A combination of 200 nm-fs laser- and 213 nm-ns laser ablation- inductively coupled plasma-mass spectrometry (LA-ICP-MS), focused ion beam (FIB) slicing, and scanning transmission X-ray microscopy-near edge X-ray absorption fine structure spectroscopy (STXM-NEXAFS) was chosen for high-spatial-resolution analyses. The aim was to identify provenance, chemistry, and dynamics of the varnishes, and their formation over the millennia.

To this end, mineral dust and adjacent varnishes were sampled in six arid to semi-arid deserts, in Israel, South Africa, California, and Saudi Arabia. Dust minerals incorporated in the varnishes were examined by STXM-NEXAFS spectroscopic and element mapping at the nm scale. Varnishes from different locations can be distinguished by element ratio plots of Pb/Ni vs. Mn/Ba. A comparison of dust element ratios of particles <50 µm to ratios of adjacent varnishes reveals much lower values for dust. However, the factors between the element ratios of dust and of varnish are similar for four of six regions (Mn/Ba: 6 ± 2; Pb/Ni: 4 ± 3). Two of the six regions diverge, which are South African (Mn/Ba: 20, Pb/Ni: 0.5) and Californian (Anza Borrego Desert: Mn/Ba: 4.5; Pb/Ni: 16.5) varnishes.

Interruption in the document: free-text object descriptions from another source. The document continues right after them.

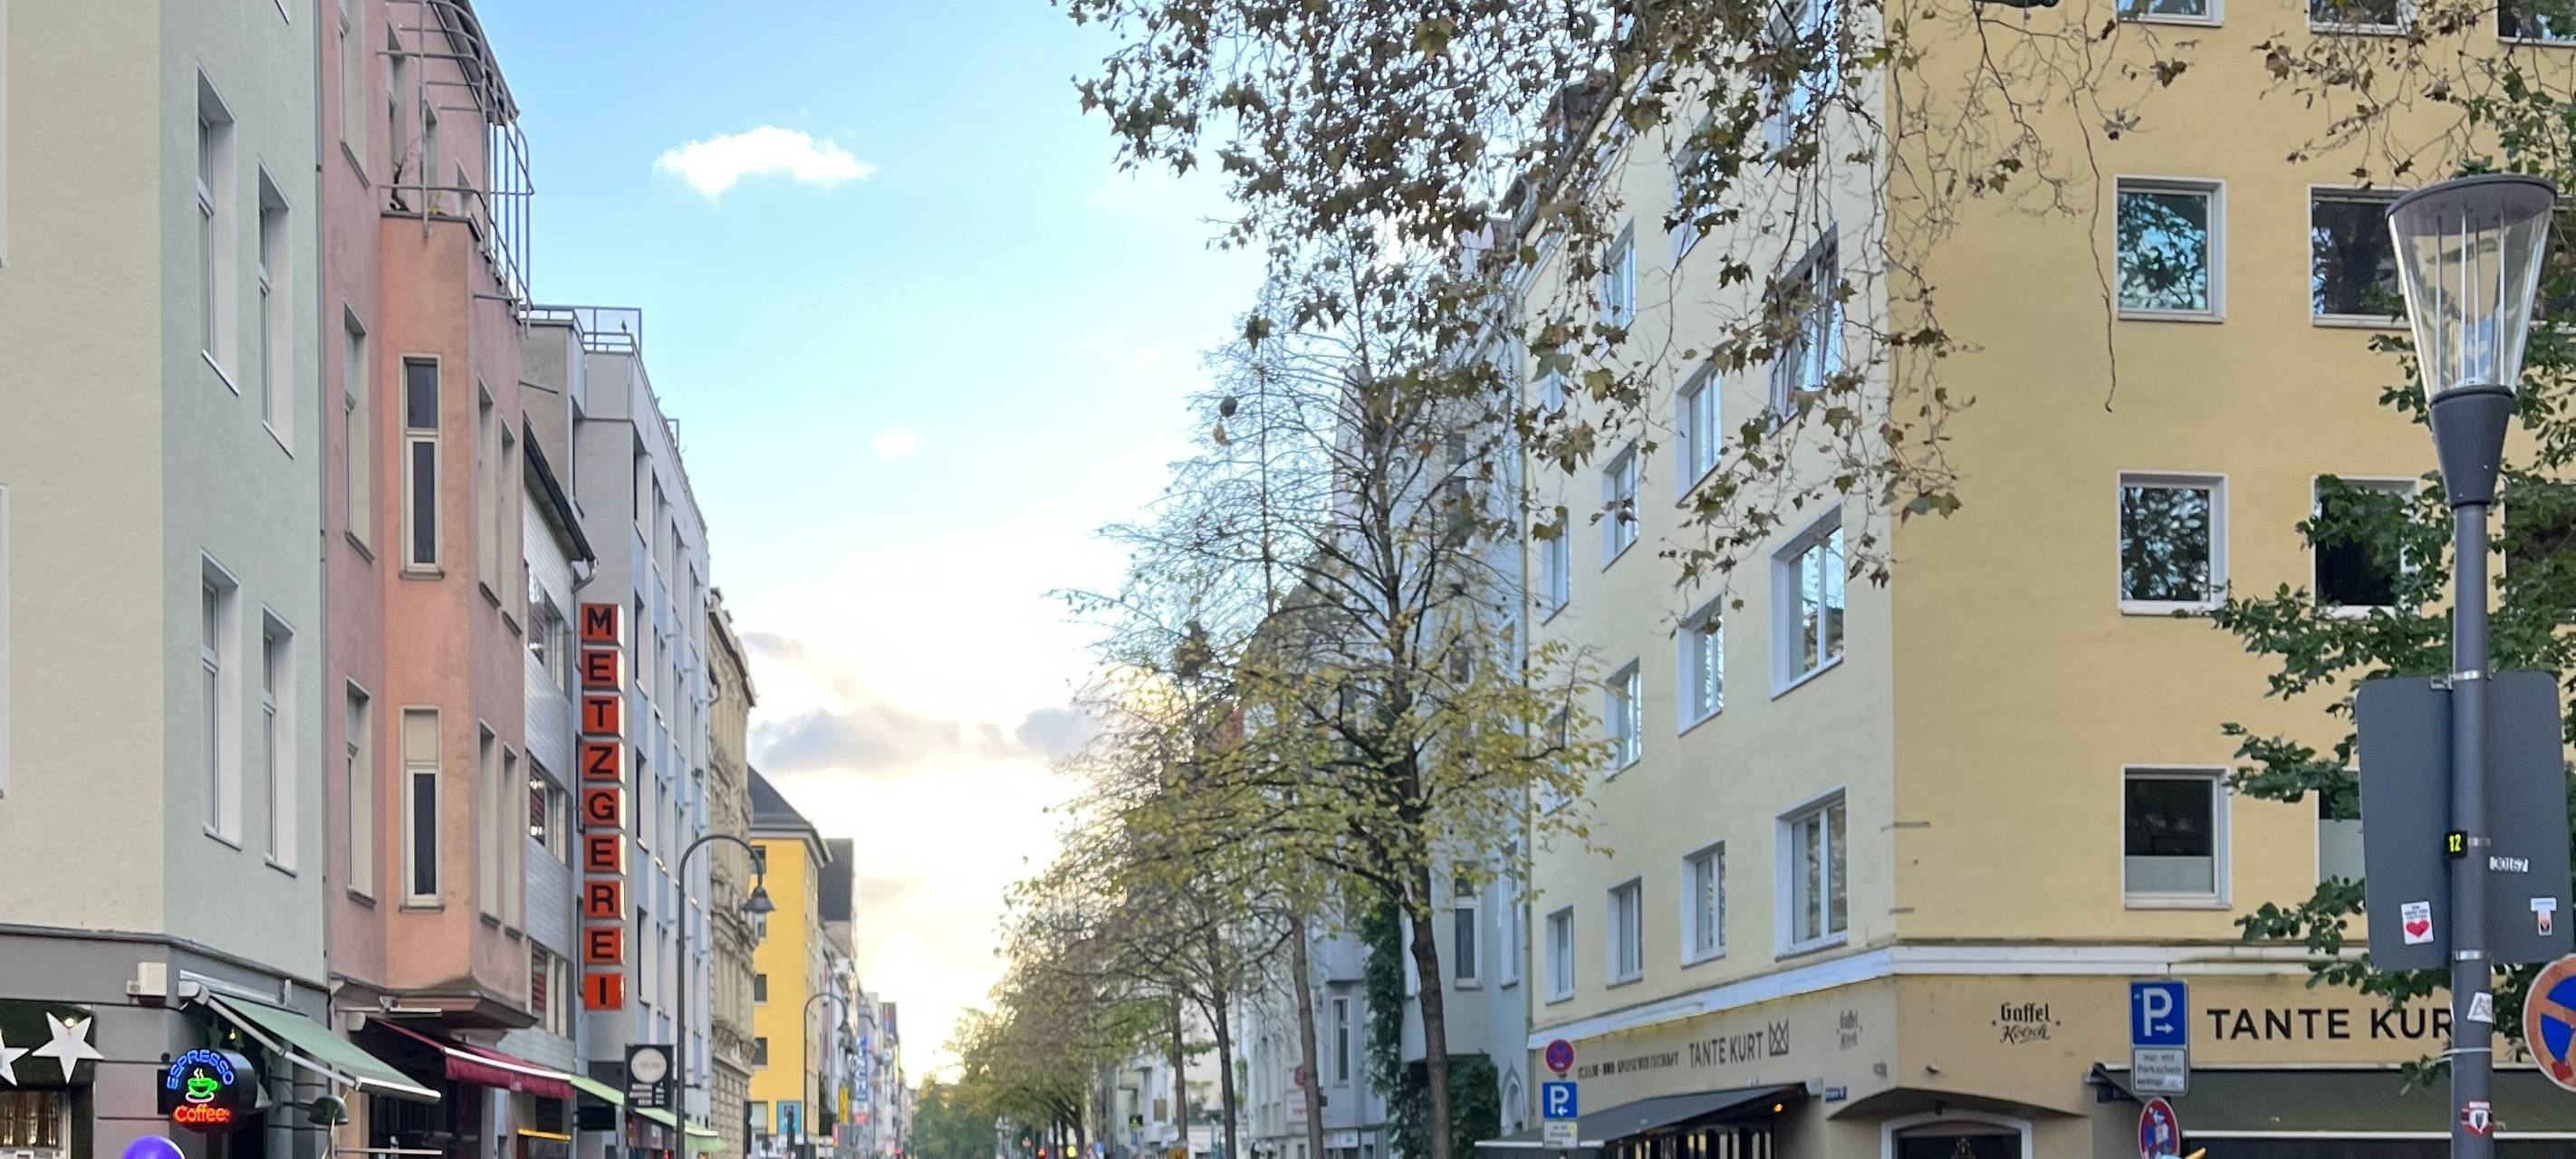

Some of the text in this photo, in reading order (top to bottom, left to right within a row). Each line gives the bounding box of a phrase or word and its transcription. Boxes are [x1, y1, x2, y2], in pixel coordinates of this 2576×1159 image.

[587, 607, 614, 1006] METZGEREI
[2448, 834, 2462, 852] 12
[2001, 1001, 2051, 1023] Gaffel
[2143, 988, 2173, 1037] P
[2206, 1008, 2350, 1040] TANTE
[2370, 1007, 2453, 1039] KUR
[1688, 1037, 1726, 1069] TANTE
[1729, 1030, 1764, 1064] KURT
[166, 1049, 235, 1090] ESPRESSO
[174, 1103, 228, 1123] Coffee
[1550, 1085, 1570, 1116] P

The results indicate that the enrichment and degradation processes might be similar for most locations, and that Mn and Pb are preferably incorporated and immobilized in most varnishes compared to Ba and Ni. The Pb/Ni ratios of the South African varnishes are indicators for either a preferred incorporation of Ni compared to Pb from available dust, and therefore possibly a different genesis, or it shows a changed dust source over time, or even an additional element source. The latter two arguments, or even Pb pollution by automobiles, might also be true for the Anza Borrego varnish with its higher Pb/Ni ratios. Our investigations of dust and the rock coatings at the nm scale may help to unravel the genesis of rock varnish.